The Block Diagram consists of 8 blocks which are – Data Bus Buffer, Read/Write Logic, Cascade Buffer Comparator, Control Logic, Priority Resolver and 3 registers- ISR, IRR, IMR.

  1. Data bus buffer –
    This Block is used as a mediator between 8259 and 8085/8086 microprocessor by acting as a buffer. It takes the control word from the 8085 (let say) microprocessor and transfer it to the control logic of 8259 microprocessor. Also, after selection of Interrupt by 8259 microprocessor, it transfer the opcode of the selected Interrupt and address of the Interrupt service sub routine to the other connected microprocessor. The data bus buffer consists of 8 bits represented as D0-D7 in the block diagram. Thus, shows that a maximum of 8 bits data can be transferred at a time.
  2. Read/Write logic –
    This block works only when the value of pin CS is low (as this pin is active low). This block is responsible for the flow of data depending upon the inputs of RD and WR. These two pins are active low pins used for read and write operations.
  3. Control logic –
    It is the centre of the microprocessor and controls the functioning of every block. It has pin INTR which is connected with other microprocessor for taking interrupt request and pin INT for giving the output.

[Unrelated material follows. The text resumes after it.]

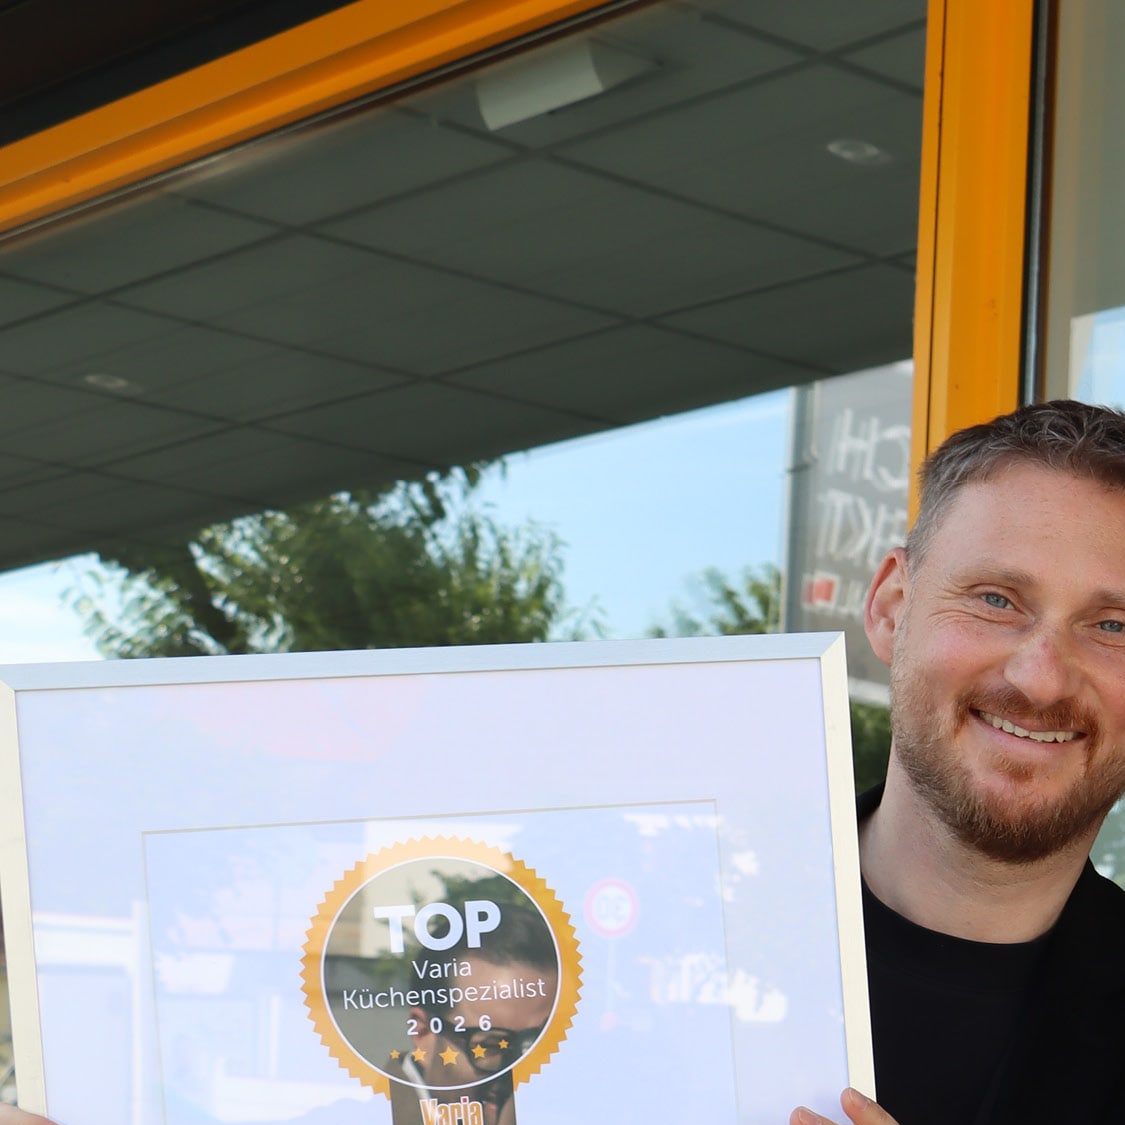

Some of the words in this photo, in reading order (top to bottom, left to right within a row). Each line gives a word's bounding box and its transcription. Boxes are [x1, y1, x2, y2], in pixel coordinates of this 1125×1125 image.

If 8259 is enabled, and the other microprocessor Interrupt flag is high then this causes the value of the output INT pin high and in this way 8259 responds to the request made by other microprocessor.
  4. Interrupt request register (IRR) –
    It stores all the interrupt level which are requesting for Interrupt services.
  5. Interrupt service register (ISR) –
    It stores the interrupt level which are currently being executed.
  6. Interrupt mask register (IMR) –
    It stores the interrupt level which have to be masked by storing the masking bits of the interrupt level.
  7. Priority resolver –
    It examines all the three registers and set the priority of interrupts and according to the priority of the interrupts, interrupt with highest priority is set in ISR register. Also, it reset the interrupt level which is already been serviced in IRR.
  8. Cascade buffer –
    To increase the Interrupt handling capability, we can further cascade more number of pins by using cascade buffer. So, during increment of interrupt capability, CSA lines are used to control multiple interrupt structure.

SP/EN (Slave program/Enable buffer) pin is when set to high, works in master mode else in slave mode. In Non Buffered mode, SP/EN pin is used to specify whether 8259 work as master or slave and in Buffered mode, SP/EN pin is used as an output to enable data bus.